Mechanism of Cross-Resistance to Fusion Inhibitors Conferred by the K394R Mutation in Respiratory Syncytial Virus Fusion Protein
Wei Tang, Yueyue Li, Yueyue Li, Qiao‐Yun Song, Ziqin Wang, Man‐Mei Li, Qiwei Zhang, Ying Wang, Wen‐Cai Ye, Yao-Lan Li, Yao-Lan Li
Abstract
Respiratory syncytial virus (RSV) causes serious respiratory tract disease in children and the elderly. Therapeutics against RSV infection are urgently needed. This study reports the discovery of a small-molecule inhibitor of RSV fusion glycoprotein by using a dual-luciferase protocol. The escape mutation (K394R) of this compound also confers cross-resistance to multiple RSV fusion inhibitors that have been reported previously, including two candidates currently in clinical development.

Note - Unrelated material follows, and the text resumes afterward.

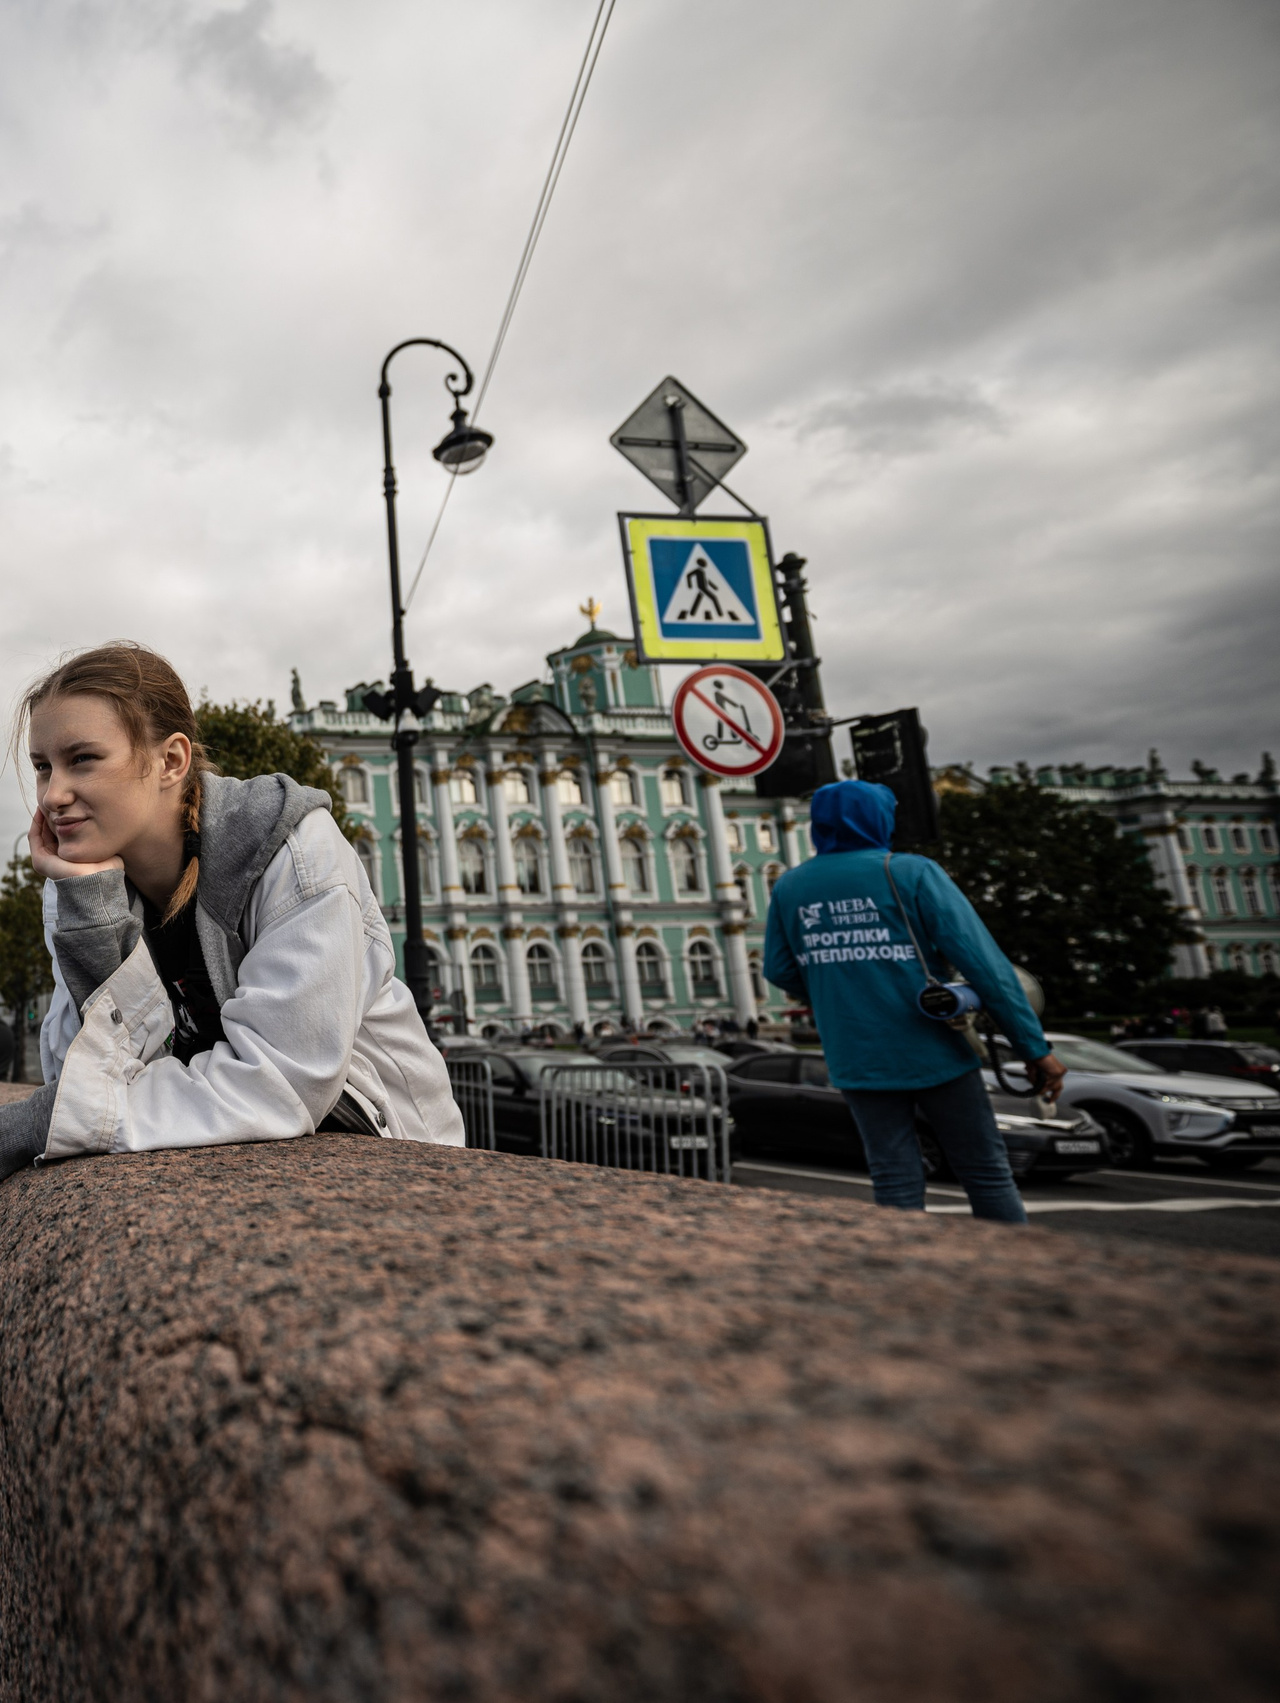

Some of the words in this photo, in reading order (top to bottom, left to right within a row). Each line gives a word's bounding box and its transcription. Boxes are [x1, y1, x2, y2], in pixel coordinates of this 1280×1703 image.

The combination of K394R with other escape mutations can increase the resistance of F protein to these inhibitors through destabilizing F protein and enhancing the membrane fusion activity of F protein. By amino acid deletion or substitution, we found that a positively charged residue at the 394th site is crucial for the fusion ability of F protein, as well as for the cross-resistance against RSV fusion inhibitors. These results reveal the mechanism of cross-resistance conferred by the K394R mutation and the possible cross-resistance risk of RSV fusion inhibitors.